I am also familiar with the telematics world through another investment and have found many great uses for the technology. It’s wild to me that many of us have an asset worth thousands of dollars, and it doesn’t have a kind of “find my phone” feature — that in and of itself is another no brainer. Another selling point for having connected insurance is just the awareness of where your vehicle is.

 

There’s immediate value in sharing data with Metromile — real value in dollars saved, unlike sharing data with big social media companies, where the value isn’t at all clear and may have detrimental societal impact, that is, if you’re a fan of democracy.

 

What are you most excited about for Metromile?

 

In my research and due diligence, I understand this number one thing about the industry: In insurance, growth is easy, but profit is hard. It all comes down to discipline.

 

When considering an investment, I like to flesh out how a company’s management team is wired. Are they “growth-at-all-cost” or timid and afraid of change? What are their incentives? I believe Metromile’s leadership team has the right balance of a growth mindset and the long-term view necessary for disciplined growth.

 

Metromile is a very long-term investment for me. Metromile focuses deeply on building substantive technology, customer service you can count on, and reinforcement of risk management discipline.

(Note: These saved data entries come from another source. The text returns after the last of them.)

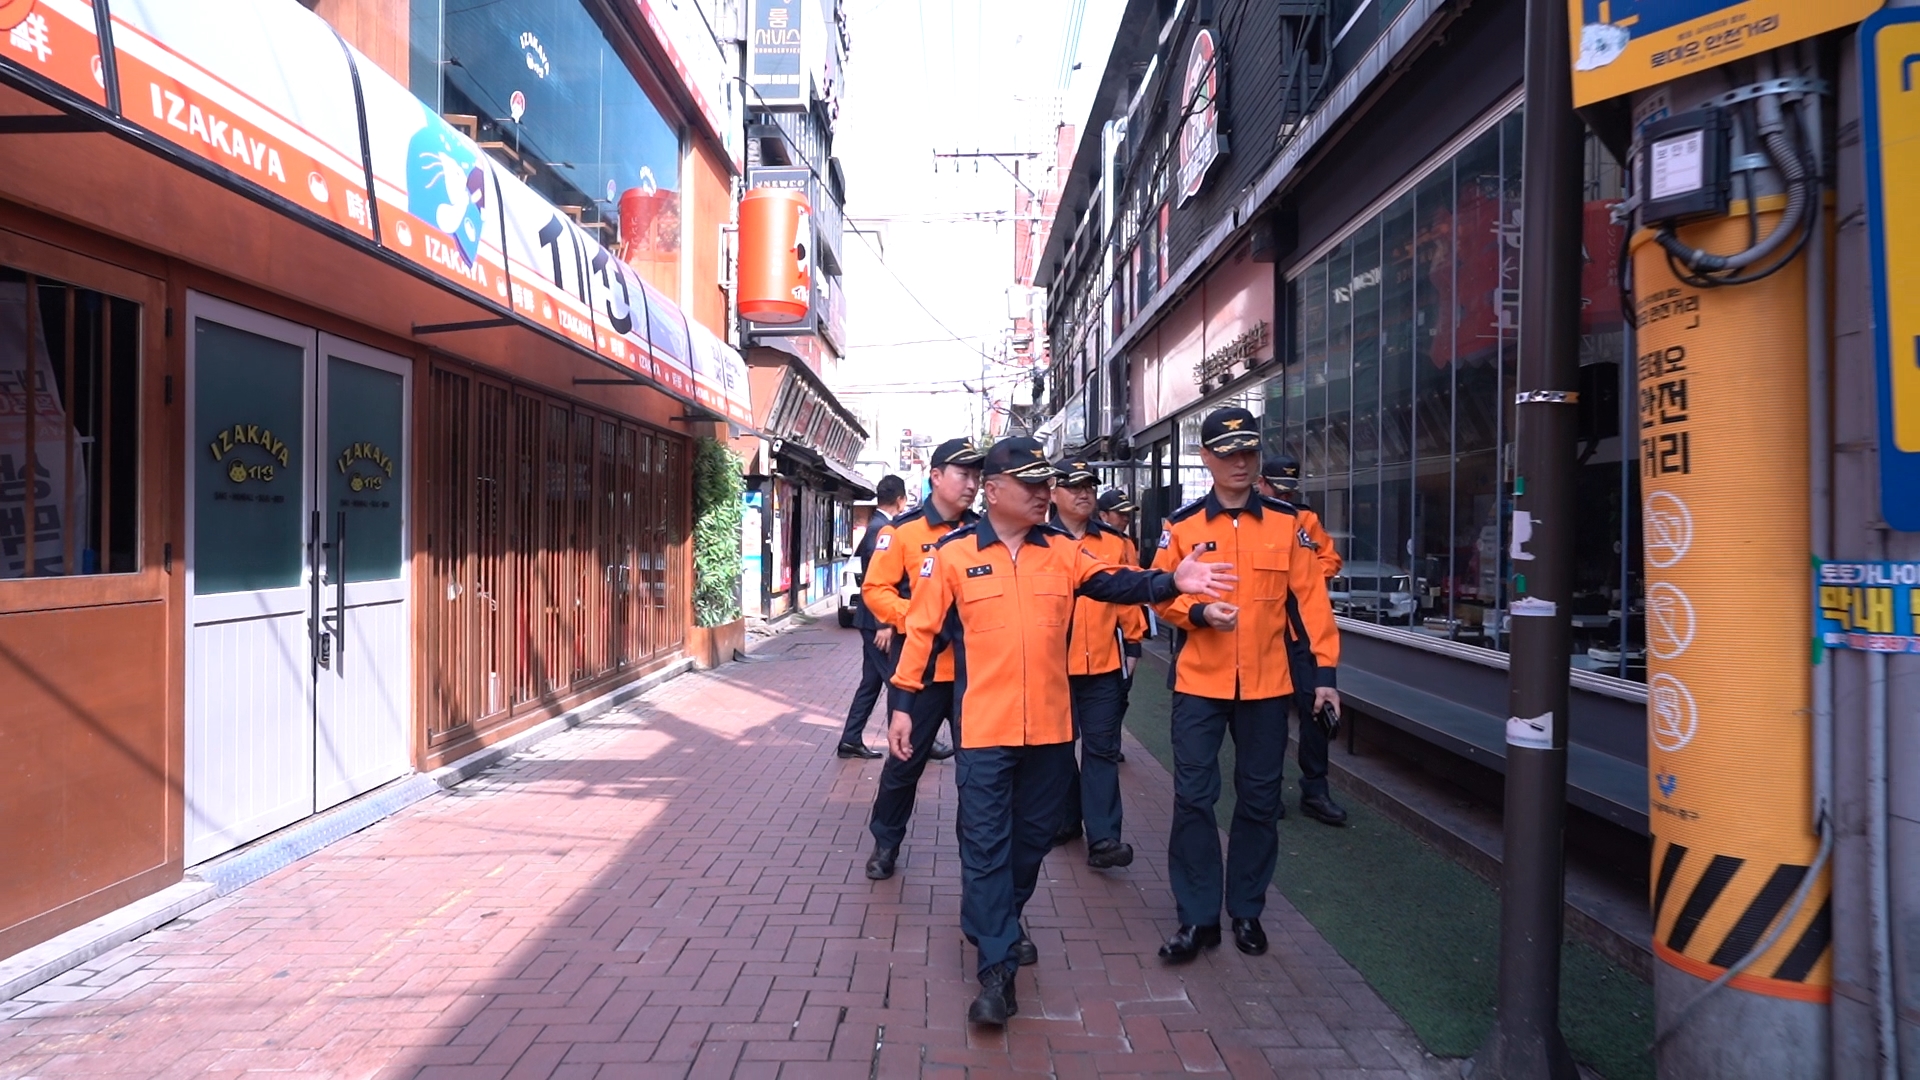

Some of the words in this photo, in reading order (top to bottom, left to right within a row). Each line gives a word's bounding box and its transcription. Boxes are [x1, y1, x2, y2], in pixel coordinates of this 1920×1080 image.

[1650, 41, 1700, 69] 로데오
[1704, 13, 1780, 51] 안전거리
[149, 82, 287, 183] IZAKAYA
[345, 190, 374, 231] 時
[1641, 377, 1689, 430] 안전
[210, 424, 290, 468] IZAKAYA
[336, 442, 394, 479] IZAKAYA
[1641, 431, 1691, 479] 거리
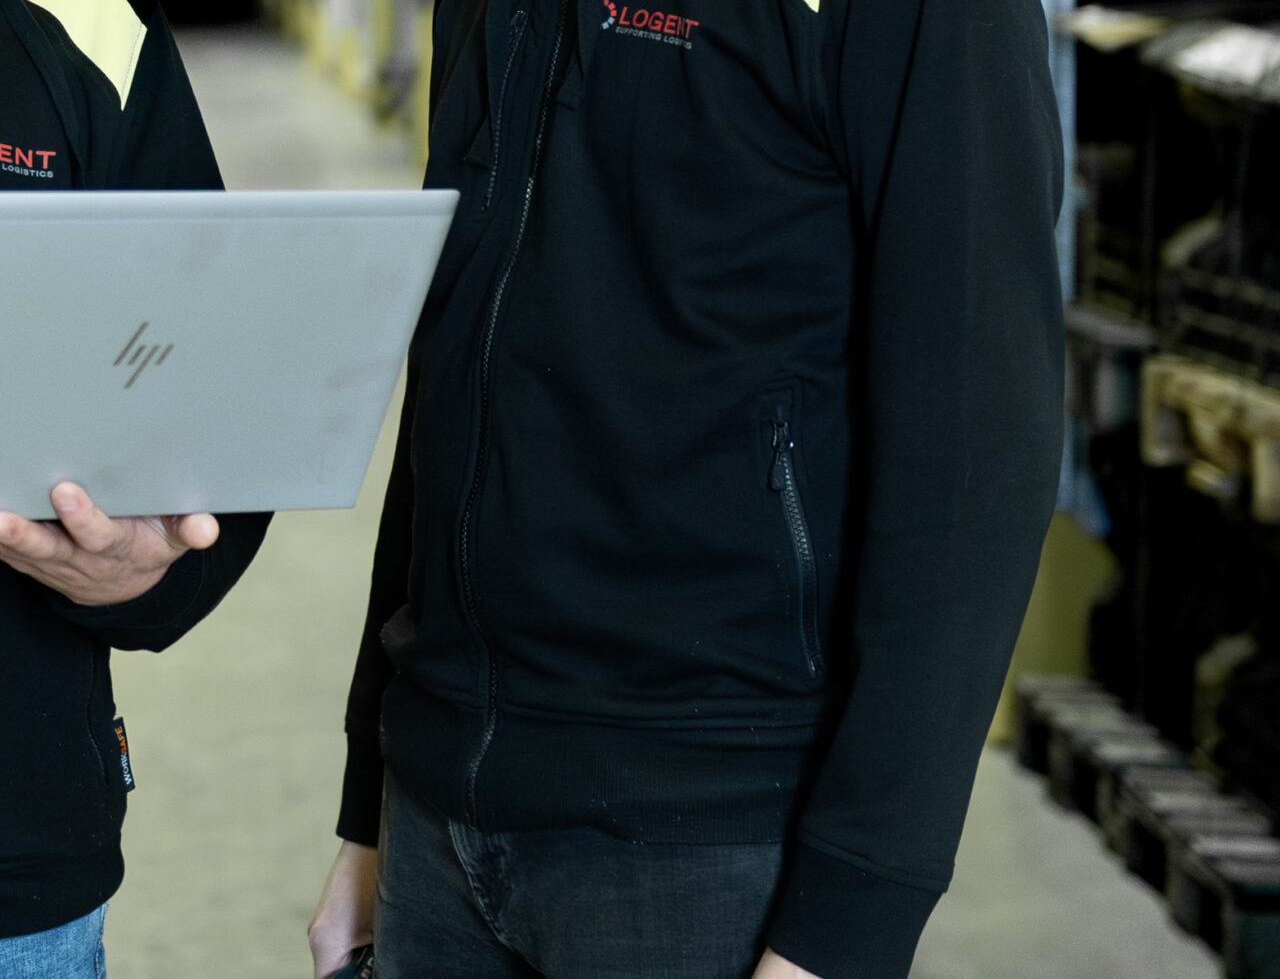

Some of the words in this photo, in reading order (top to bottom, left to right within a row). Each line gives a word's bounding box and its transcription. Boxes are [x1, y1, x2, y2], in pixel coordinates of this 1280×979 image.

[615, 26, 662, 41] SUPPORTING
[618, 6, 700, 39] LOGENT
[2, 163, 54, 178] LOGISTICS
[112, 321, 175, 390] hp
[114, 725, 132, 785] WORKSAFE

It struck me that there is no way this business won’t be a beast in 10 years if they continue on this path. I don’t think people appreciate the size of the opportunity ahead for Metromile just yet, and that’s when I like to invest.

 

I came up in Uber, a hyper disruptive tech company, and as an investor, I started with the school of Warren Buffett and Charlie Munger. What I found in Metromile is the discipline of Berkshire Hathaway and the disruption of Uber, and that’s why I’m pumped to join this team. This combination of disruption through technology and a discipline through operations will certainly deliver a winner over the long haul.

 

Ryan Graves is the founder and CEO of Saltwater, his family office, incubation, and investment company. He serves on the boards of directors of charity:water, Pachama, Inc., and Fort Point Beer. Formerly, he served as a board director and the senior vice president of global operations at Uber Technologies Inc. from its founding to IPO. Graves was the first CEO and a member of Uber’s founding team.